WHAT IS NEEDED — Write out the data again exactly, skipping every picture.

Saved entries
================================
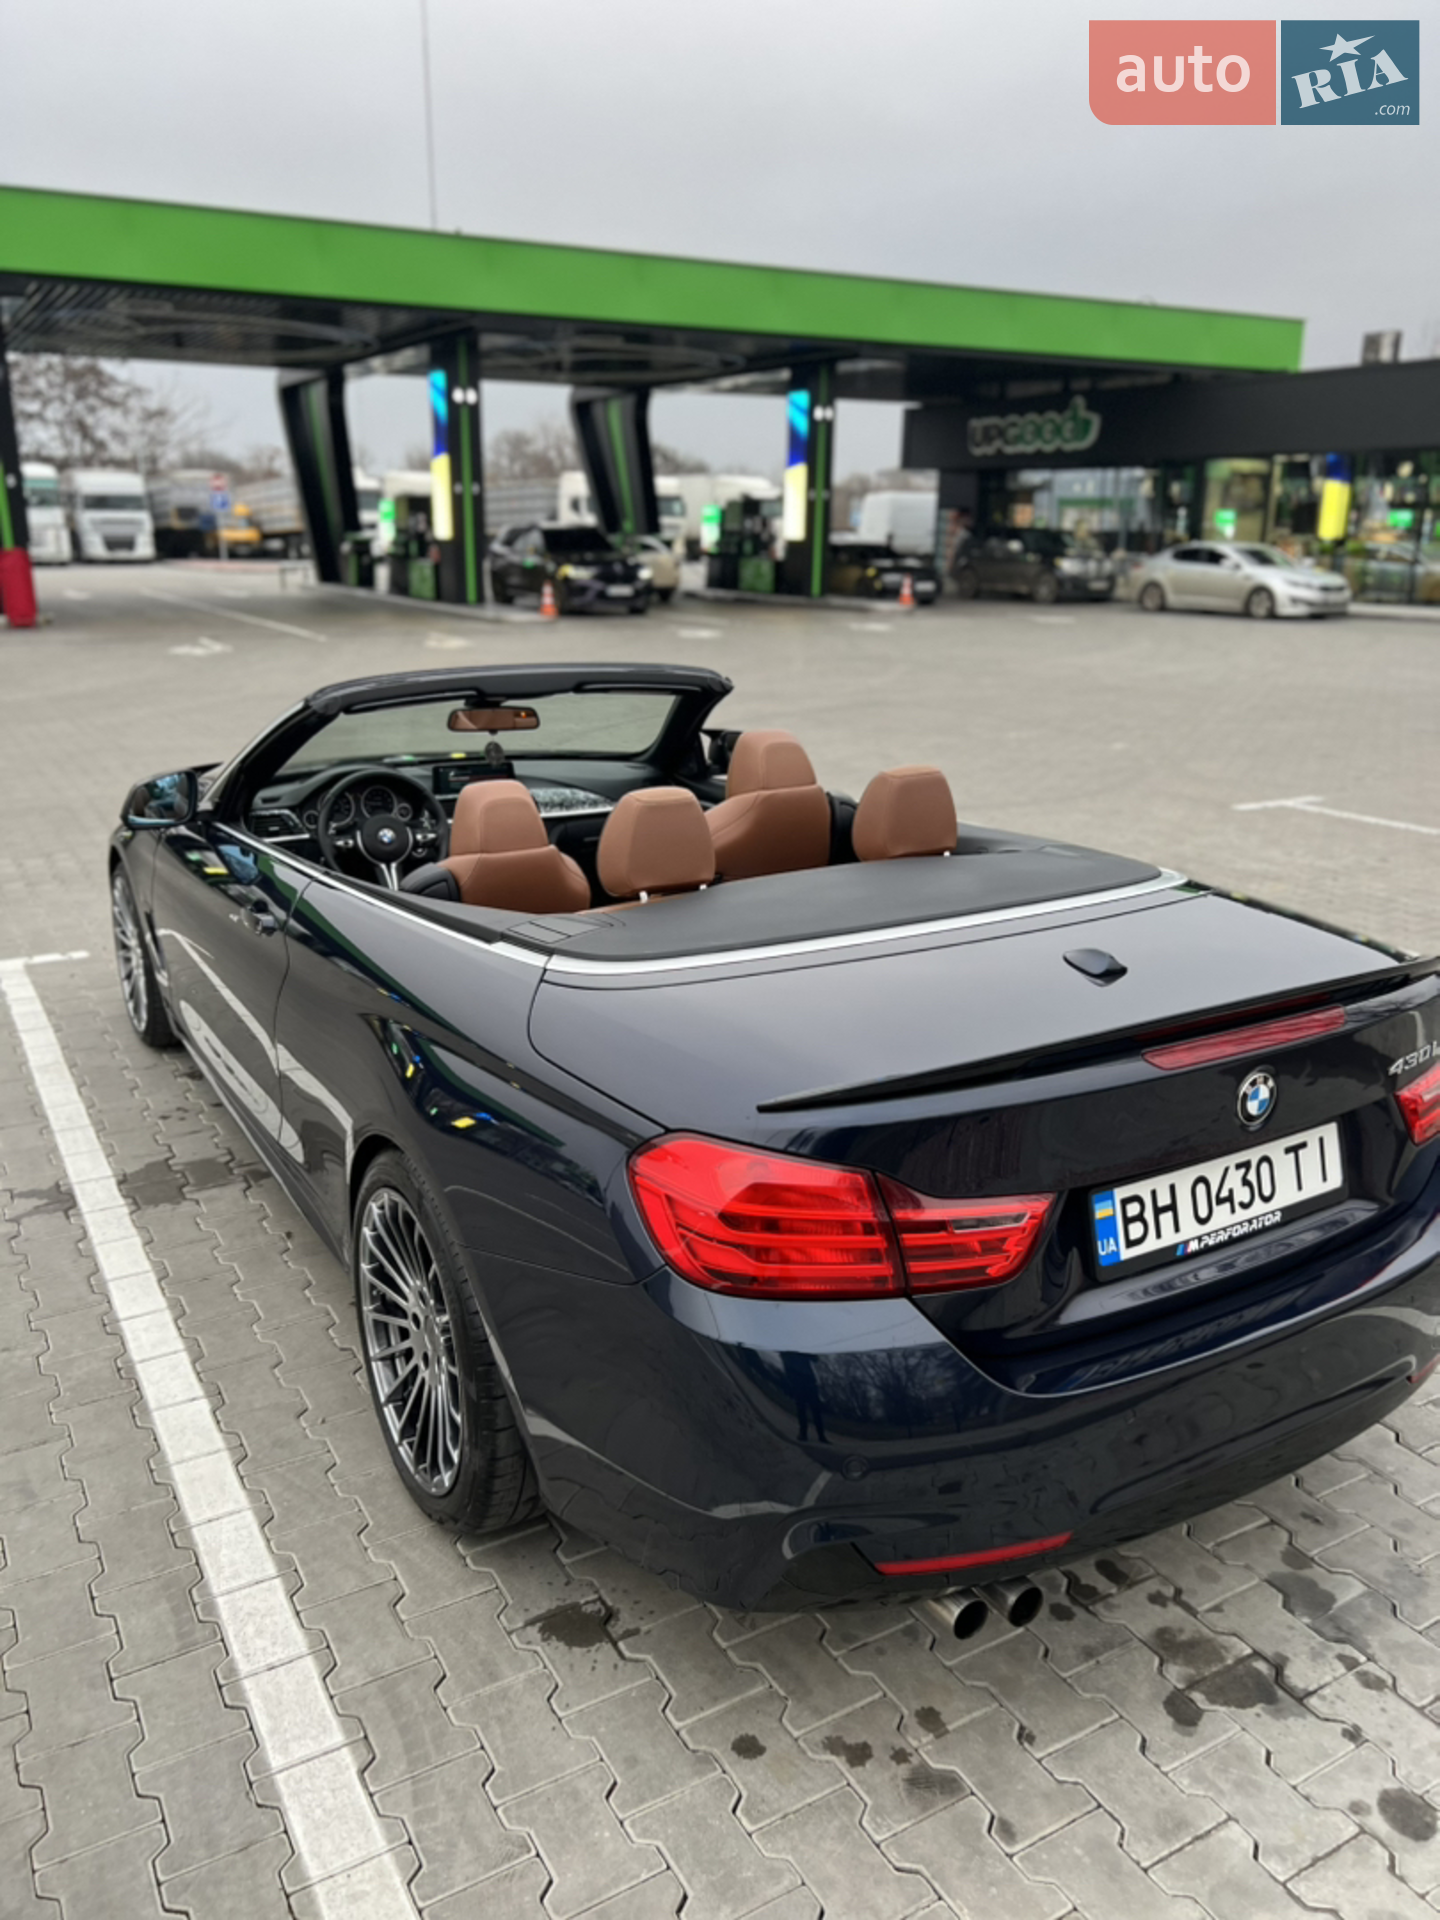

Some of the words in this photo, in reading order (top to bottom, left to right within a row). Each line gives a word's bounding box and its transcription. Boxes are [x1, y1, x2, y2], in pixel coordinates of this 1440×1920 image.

[1120, 1182, 1180, 1251] BH
[1190, 1154, 1276, 1226] 0430
[1284, 1136, 1327, 1193] TI
[1098, 1237, 1118, 1256] UA
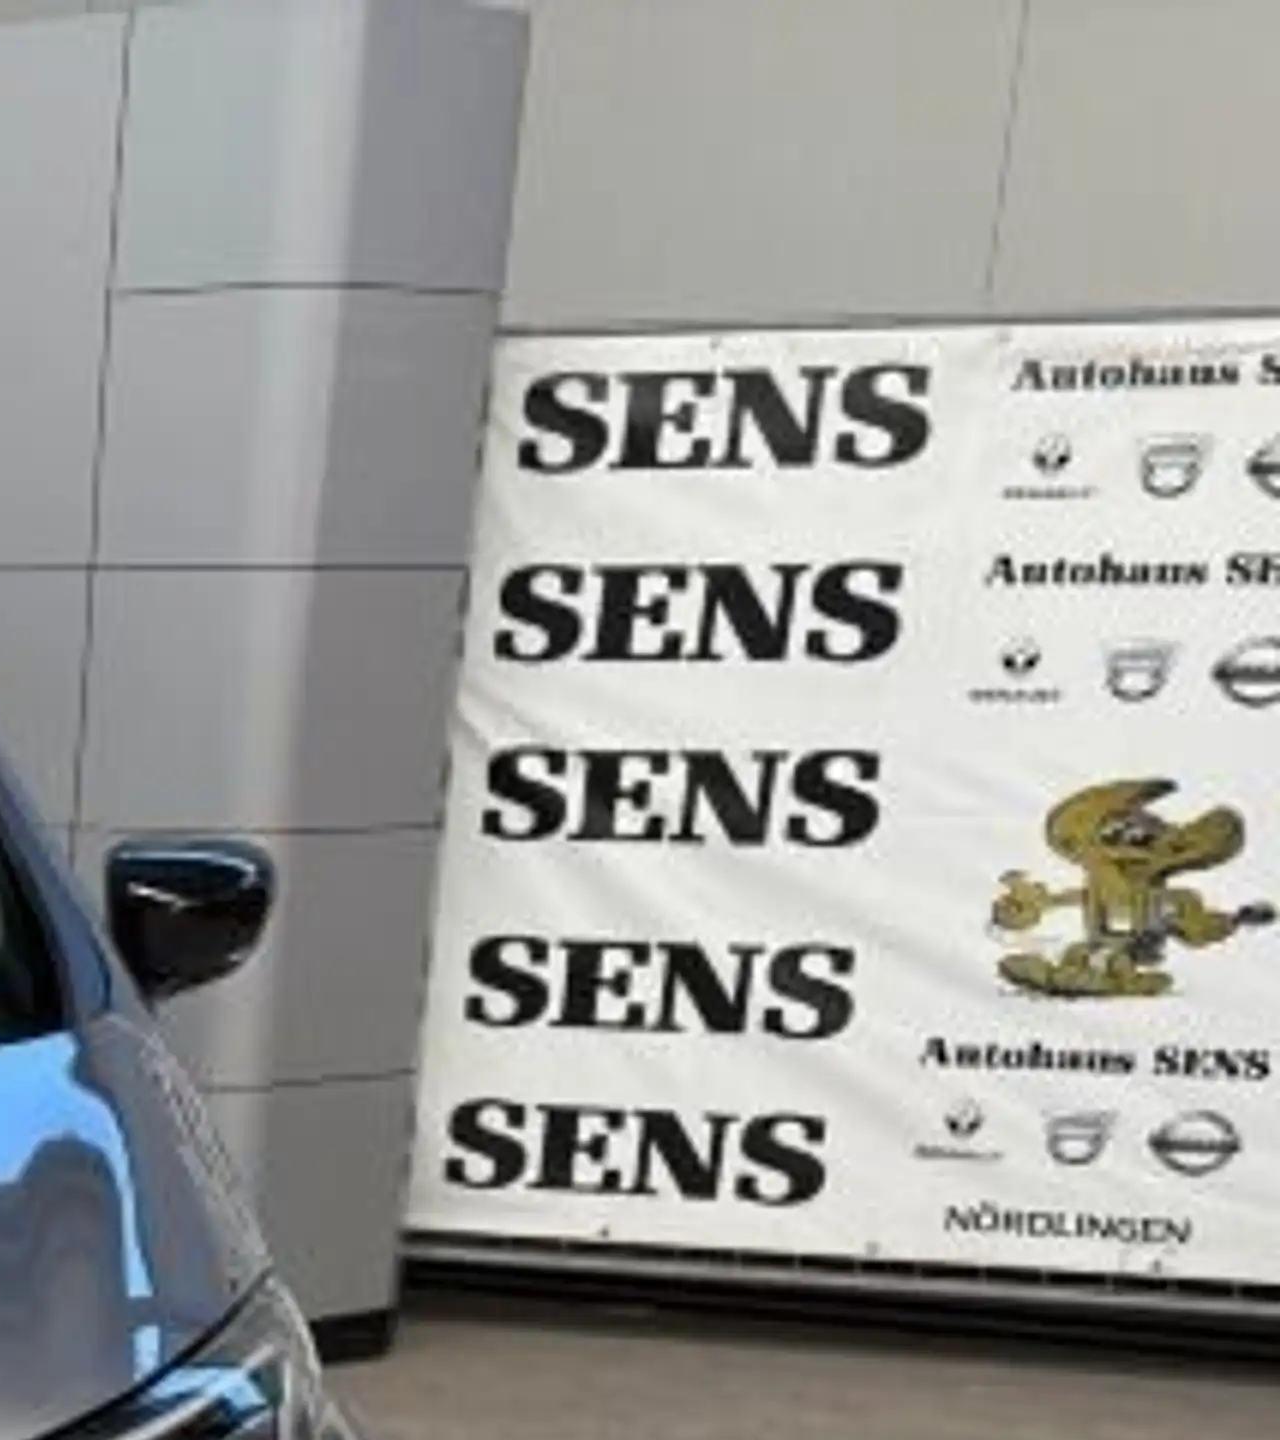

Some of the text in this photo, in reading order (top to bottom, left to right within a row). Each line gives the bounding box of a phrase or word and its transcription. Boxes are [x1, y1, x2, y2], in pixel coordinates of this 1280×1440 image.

[517, 364, 930, 474] SENS
[1010, 357, 1240, 391] Autohaus
[493, 562, 904, 662] SENS
[984, 553, 1209, 586] Autohaus
[480, 747, 881, 848] SENS
[464, 935, 856, 1040] SENS
[917, 1036, 1272, 1081] Autohaus SENS
[444, 1098, 827, 1207] SENS
[943, 1201, 1193, 1245] NÖRDLINGEN
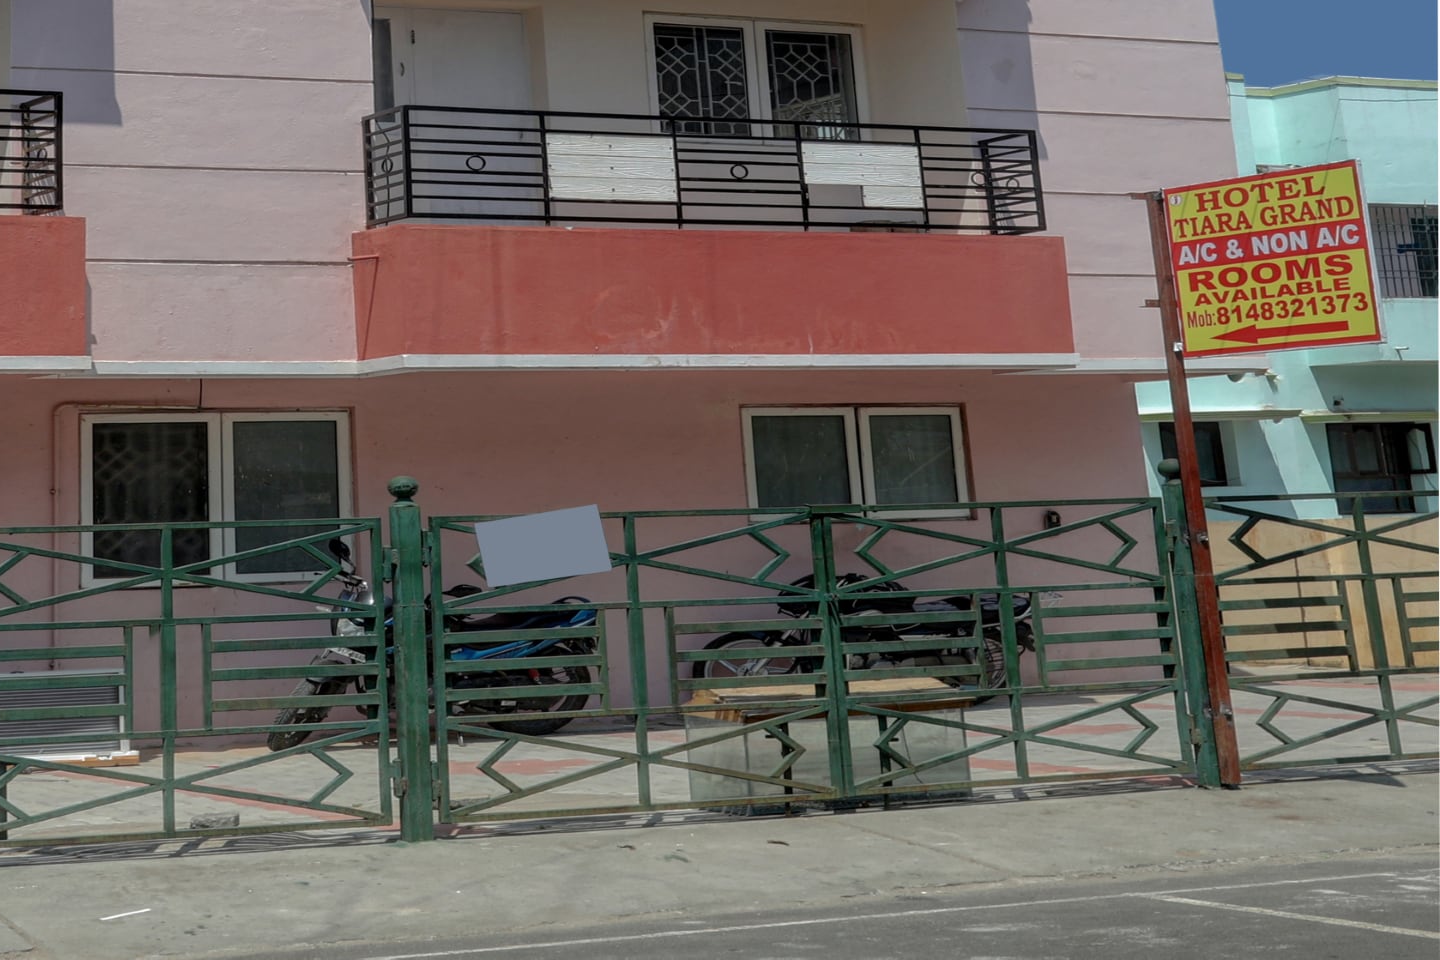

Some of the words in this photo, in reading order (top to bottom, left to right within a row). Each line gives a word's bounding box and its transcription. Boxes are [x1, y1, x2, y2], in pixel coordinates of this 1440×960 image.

[1194, 176, 1326, 212] HOTEL
[1174, 210, 1253, 238] TIARA
[1260, 195, 1355, 227] GRAND
[1178, 242, 1218, 266] A/C
[1225, 239, 1244, 259] &
[1251, 230, 1309, 256] NON
[1317, 224, 1360, 249] A/C
[1188, 254, 1353, 292] ROOMS
[1194, 277, 1352, 307] AVAILABLE
================================
OUTPUT FOR THIS TASK —
Some of the words in this photo, in reading order (top to bottom, left to right within a row). Each line gives a word's bounding box and its transcription. Boxes are [x1, y1, x2, y2], in pixel coordinates of this 1440×1920 image.

[1120, 1182, 1180, 1251] BH
[1190, 1154, 1276, 1226] 0430
[1284, 1136, 1327, 1193] TI
[1098, 1237, 1118, 1256] UA

Some of the text in this photo, in reading order (top to bottom, left to right within a row). Each line gives the bounding box of a phrase or word and its transcription. Boxes are [x1, y1, x2, y2], in pixel coordinates of this 1280×1440 image.

[517, 364, 930, 474] SENS
[1010, 357, 1240, 391] Autohaus
[493, 562, 904, 662] SENS
[984, 553, 1209, 586] Autohaus
[480, 747, 881, 848] SENS
[464, 935, 856, 1040] SENS
[917, 1036, 1272, 1081] Autohaus SENS
[444, 1098, 827, 1207] SENS
[943, 1201, 1193, 1245] NÖRDLINGEN

Some of the words in this photo, in reading order (top to bottom, left to right within a row). Each line gives a word's bounding box and its transcription. Boxes are [x1, y1, x2, y2], in pixel coordinates of this 1440×960 image.

[1194, 176, 1326, 212] HOTEL
[1174, 210, 1253, 238] TIARA
[1260, 195, 1355, 227] GRAND
[1178, 242, 1218, 266] A/C
[1225, 239, 1244, 259] &
[1251, 230, 1309, 256] NON
[1317, 224, 1360, 249] A/C
[1188, 254, 1353, 292] ROOMS
[1194, 277, 1352, 307] AVAILABLE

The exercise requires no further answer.